Your answer must repeat all of the entries word for word, without any images.
- - - - -
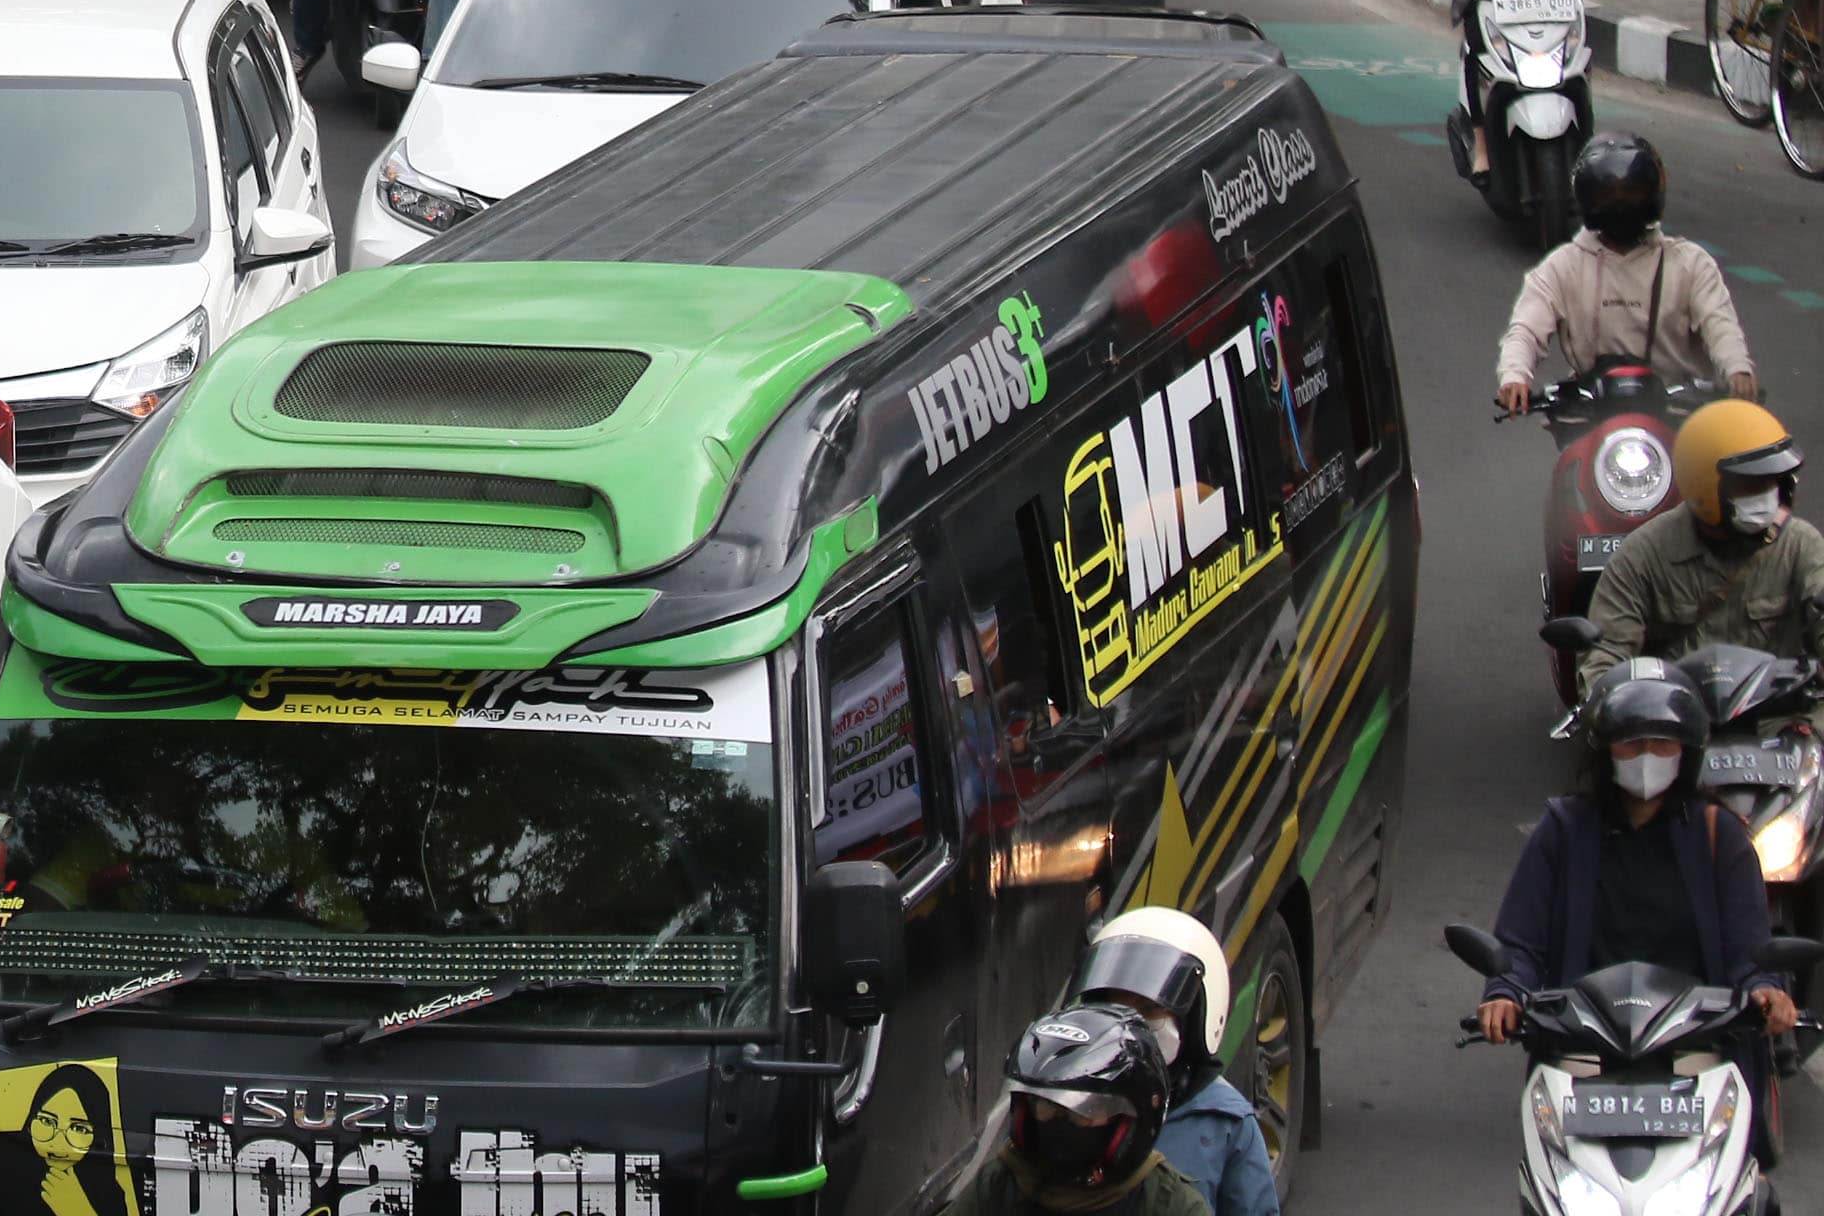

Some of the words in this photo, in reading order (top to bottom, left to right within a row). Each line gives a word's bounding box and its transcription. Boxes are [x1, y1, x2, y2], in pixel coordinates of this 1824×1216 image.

[1583, 539, 1593, 553] N
[274, 602, 407, 625] MARSHA
[412, 604, 482, 625] JAYA
[1135, 588, 1188, 659] Madura
[284, 703, 383, 717] SEMUGA
[395, 706, 505, 721] SELAMAT
[512, 710, 608, 725] SAMPAY
[615, 715, 712, 730] TUJUAN
[222, 1085, 441, 1135] ISUZU
[1564, 1097, 1576, 1114] N
[1588, 1095, 1645, 1115] 3814
- - - - -
**OUTPUT**
Some of the words in this photo, in reading order (top to bottom, left to right within a row). Each line gives a word's bounding box and its transcription. Boxes are [x1, y1, x2, y2], in pixel coordinates of this 1824×1216 image.

[1583, 539, 1593, 553] N
[274, 602, 407, 625] MARSHA
[412, 604, 482, 625] JAYA
[1135, 588, 1188, 659] Madura
[284, 703, 383, 717] SEMUGA
[395, 706, 505, 721] SELAMAT
[512, 710, 608, 725] SAMPAY
[615, 715, 712, 730] TUJUAN
[222, 1085, 441, 1135] ISUZU
[1564, 1097, 1576, 1114] N
[1588, 1095, 1645, 1115] 3814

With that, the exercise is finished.